### Required action
Keep every word the same. Repeat the records without their images.

- Opening Delimiter -

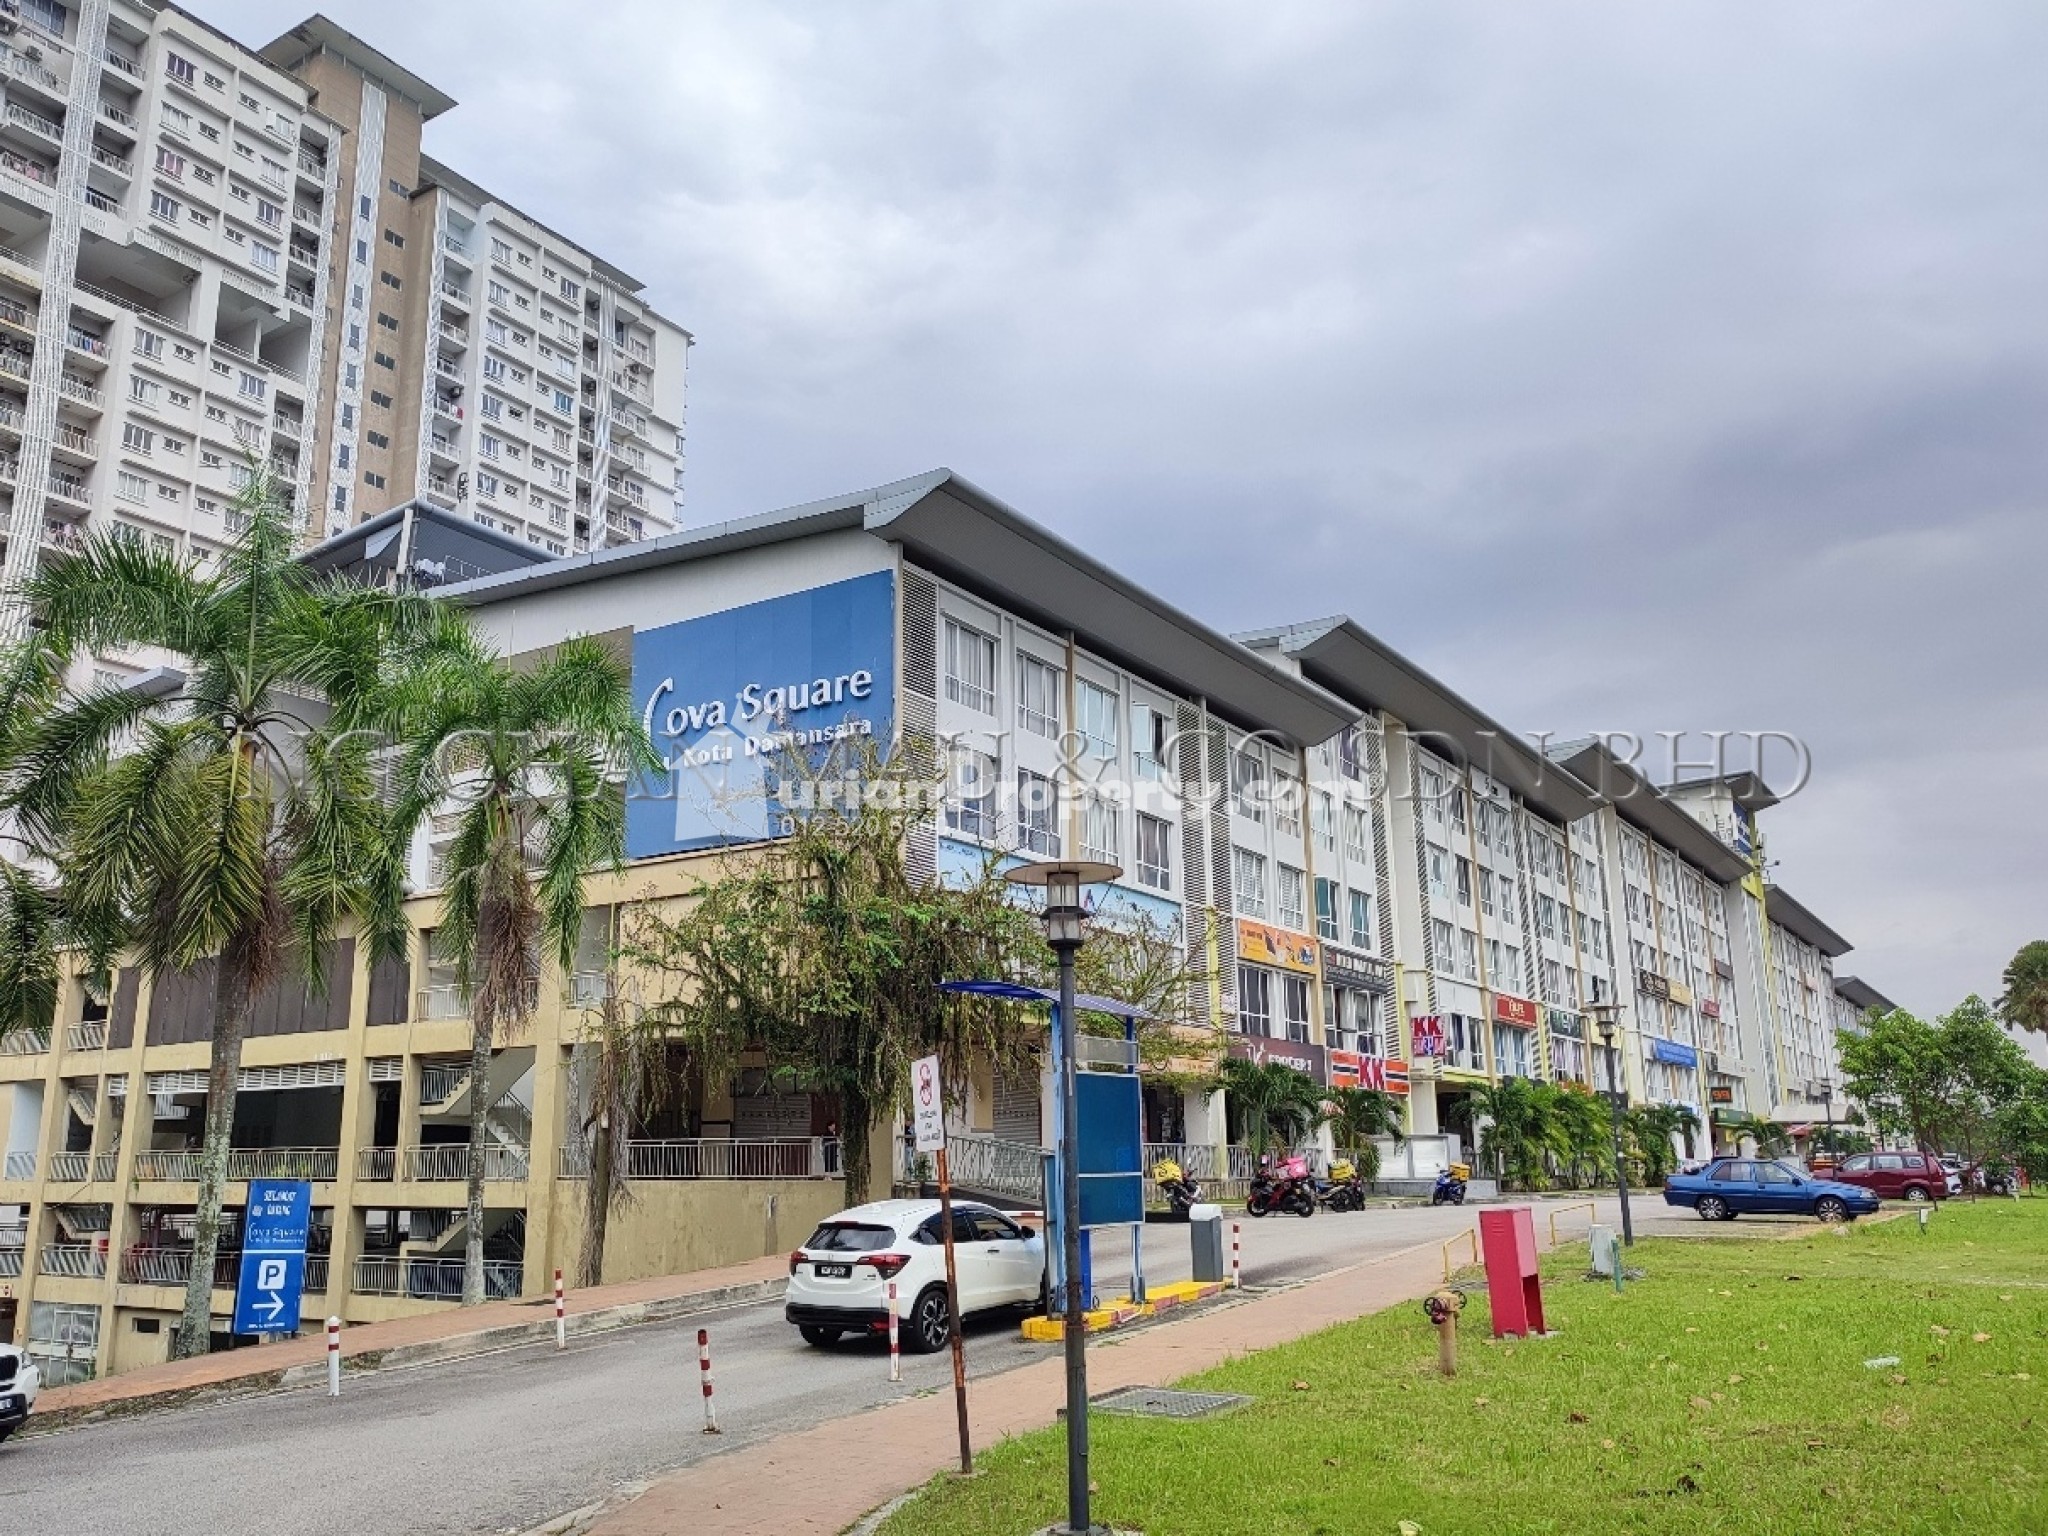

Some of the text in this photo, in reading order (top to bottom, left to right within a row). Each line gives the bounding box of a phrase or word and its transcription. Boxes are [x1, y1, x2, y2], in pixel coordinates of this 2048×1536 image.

[643, 669, 873, 770] Cova Square
[683, 744, 733, 768] Kota
[1359, 1056, 1384, 1090] KK
[264, 1265, 280, 1286] P

- Closing Delimiter -

### Your response
Some of the text in this photo, in reading order (top to bottom, left to right within a row). Each line gives the bounding box of a phrase or word and its transcription. Boxes are [x1, y1, x2, y2], in pixel coordinates of this 2048×1536 image.

[643, 669, 873, 770] Cova Square
[683, 744, 733, 768] Kota
[1359, 1056, 1384, 1090] KK
[264, 1265, 280, 1286] P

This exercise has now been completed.